To most observers, though, the destruction part was more apparent than the creative effort, as Trump launched an unprecedented campaign to undermine Attorney General Jeff Sessions, with the explicit goal of controlling the special counsel’s investigation into Russian influence in last year’s election. His remarks in the Times interview and subsequent tweets achieved the rare feat of uniting Democrats (who want the investigation to continue unfettered) with Republicans (who generally like Sessions and his policies) while making Trump look both bullying and weak (as Sessions, refusing to comment or resign, in effect called the president’s bluff). The impression that Trump’s vaunted toughness wasn’t even skin deep was reinforced when he whined that Republicans in the Senate weren’t doing enough to “protect their president.”

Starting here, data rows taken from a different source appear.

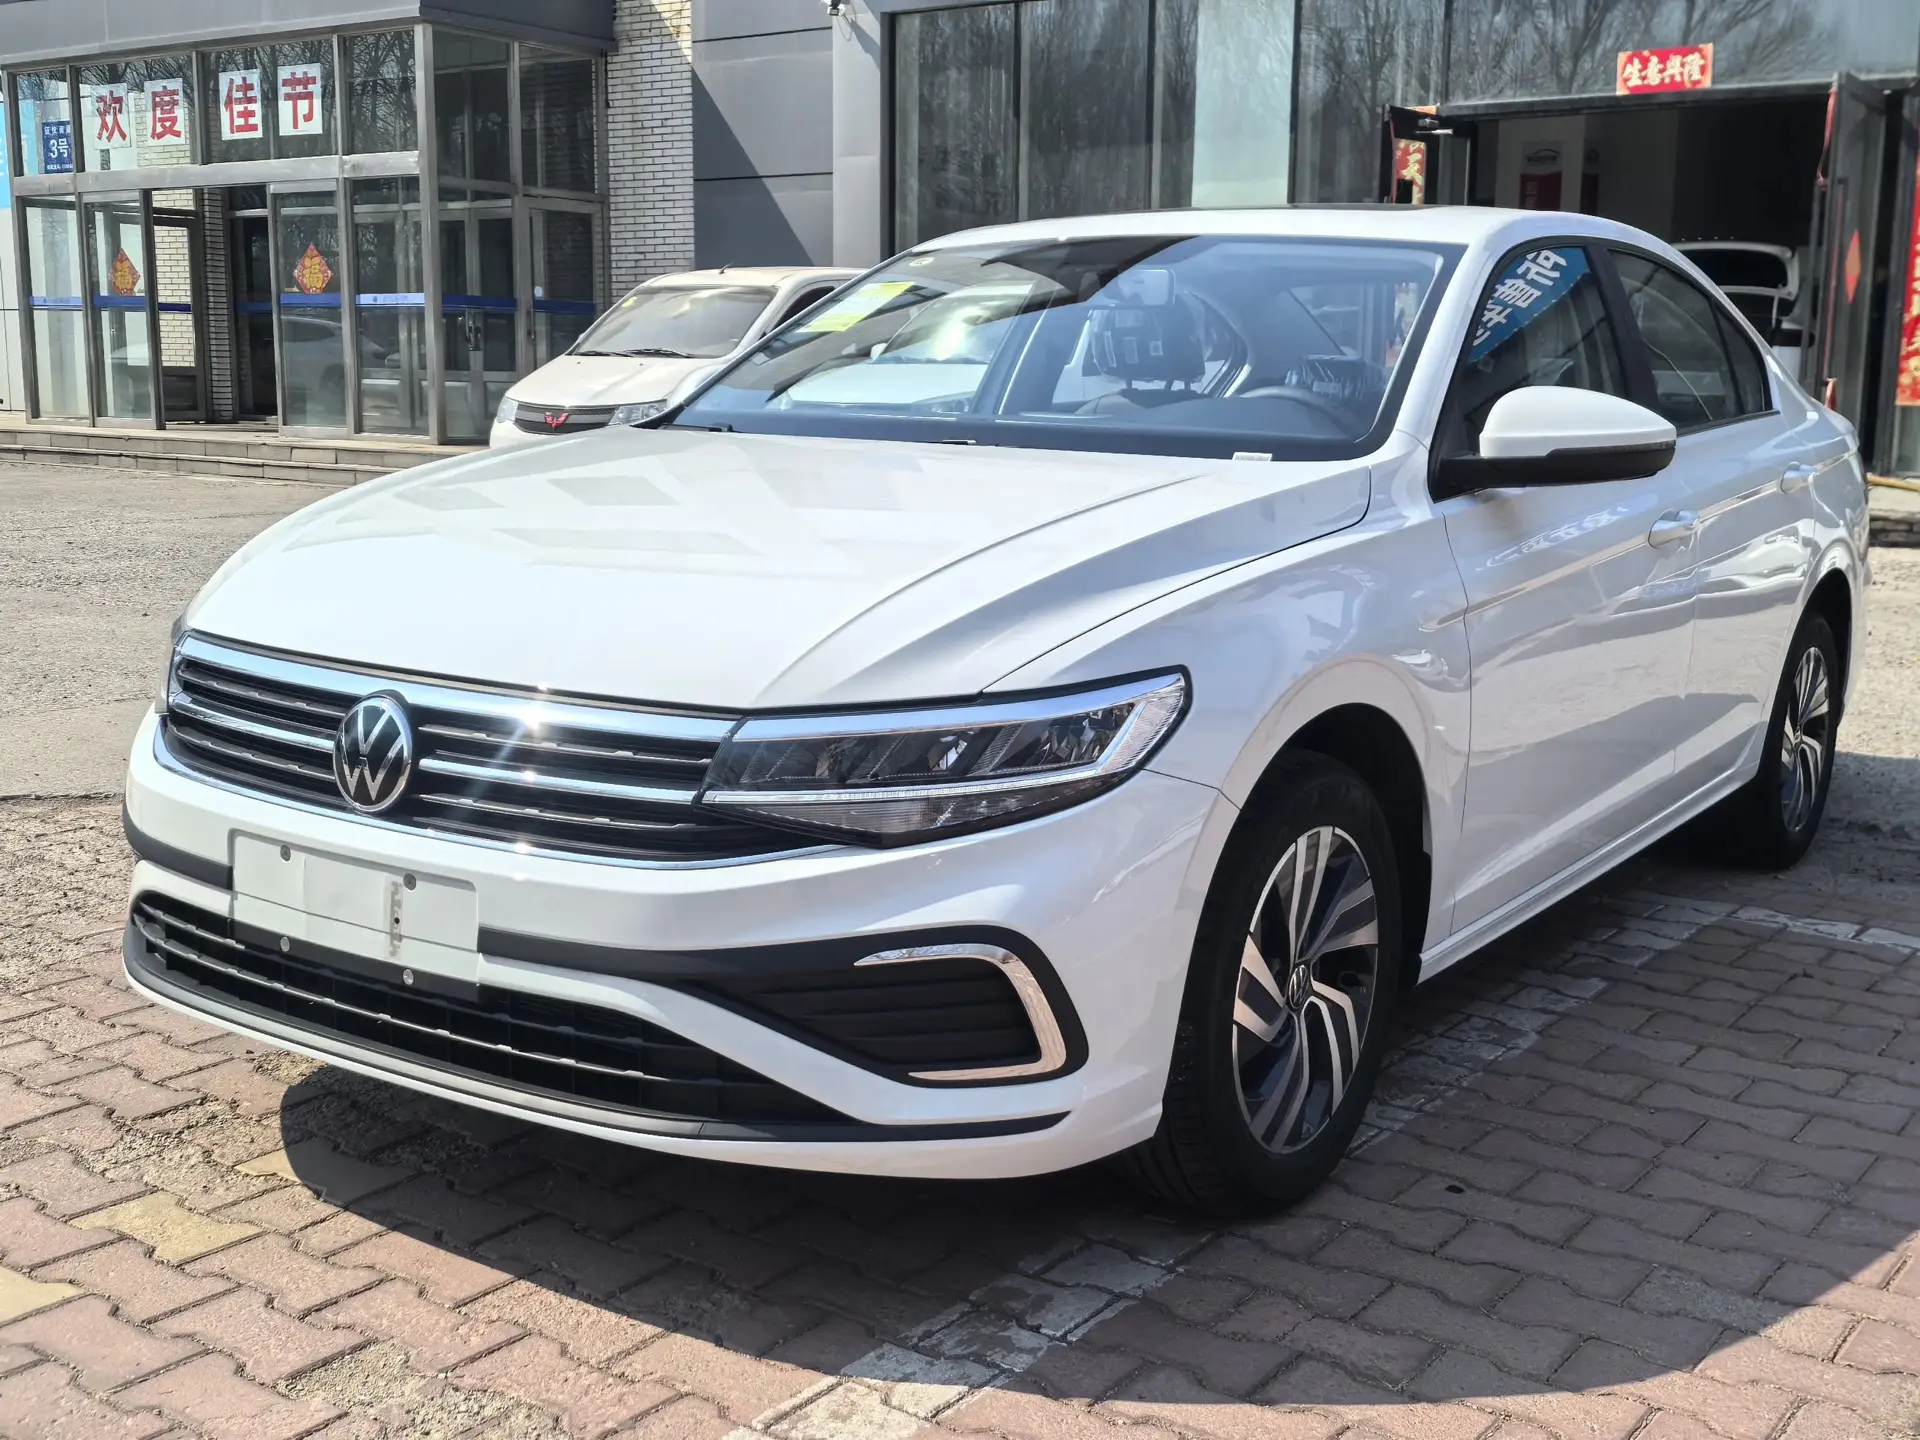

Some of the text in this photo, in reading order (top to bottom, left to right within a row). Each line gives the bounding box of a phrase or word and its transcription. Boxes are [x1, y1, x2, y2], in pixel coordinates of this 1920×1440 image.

[96, 70, 317, 143] 欢度佳节
[49, 137, 70, 159] 3号
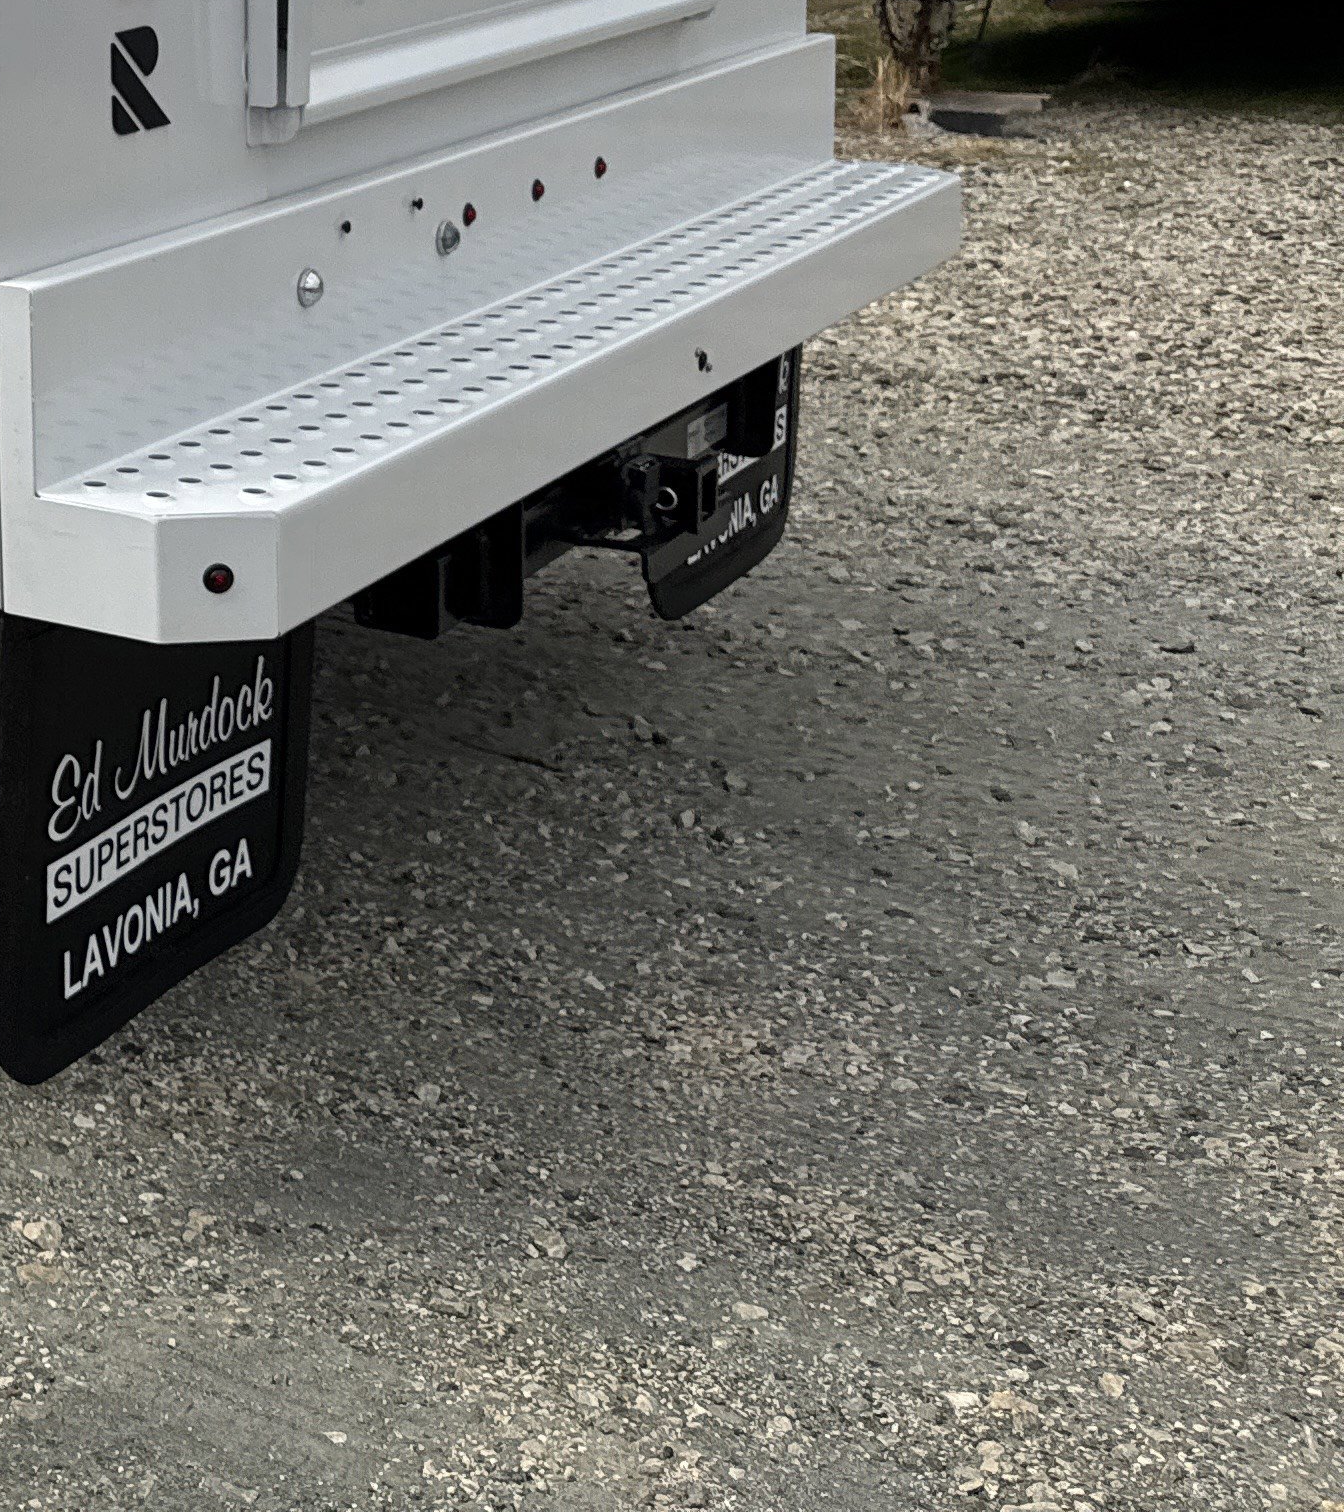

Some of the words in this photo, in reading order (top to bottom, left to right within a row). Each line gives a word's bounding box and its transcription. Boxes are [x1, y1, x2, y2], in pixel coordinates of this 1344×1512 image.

[760, 473, 780, 515] GA
[47, 739, 103, 843] Ed
[113, 654, 274, 801] Murdock
[51, 748, 267, 909] SUPERSTORES
[63, 871, 200, 1001] LAVONIA,
[208, 837, 253, 896] GA
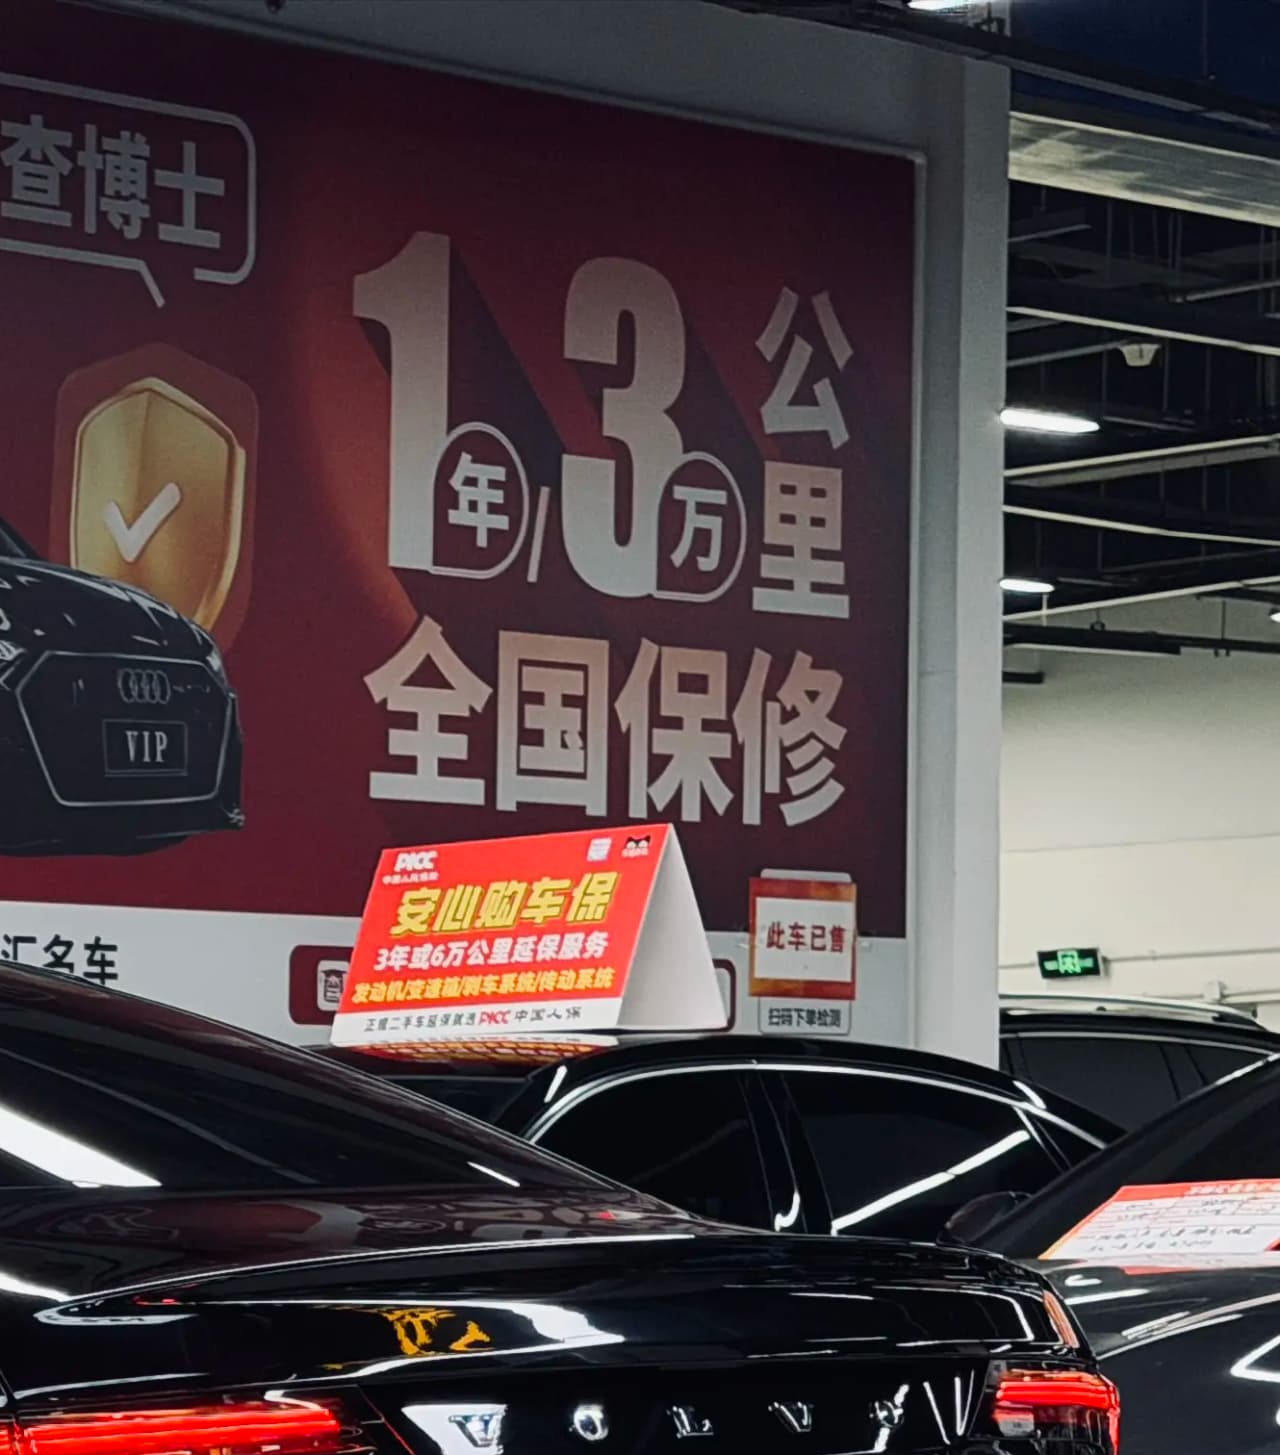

Trump did manage to find a scapegoat for his anger: press secretary Sean Spicer, who resigned minutes after the president undercut him with the appointment of Anthony Scaramucci as communications director. Scaramucci, a Wall Street investor and longtime friend of the president, set himself up as Trump’s Torquemada, launching an inquisition against media leaks from the White House, issuing threats against staffers up to and including his own nominal boss, chief of staff Reince Priebus.
Chaos enough for one week? Apparently not: Trump proceeded to give a meandering, confounding speech to 40,000 Boy Scouts at their annual jamboree, including an attack on former President Obama, flagrantly defying the Scouts’ tradition of nonpartisanship and reportedly angering Secretary of State Rex Tillerson, an Eagle Scout and former national president of the organization. Coincidentally or not, Tillerson, who has been rumored to be unhappy in his job, proceeded to “[take] a little time off,” according to his spokesperson. His vacation came just as the White House faced a critical decision about whether to sign legislation, passed overwhelmingly in Congress, writing sanctions on Russia, Iran and North Korea into law and forestalling the president from unilaterally relaxing them.
The White House sent mixed signals about its intentions.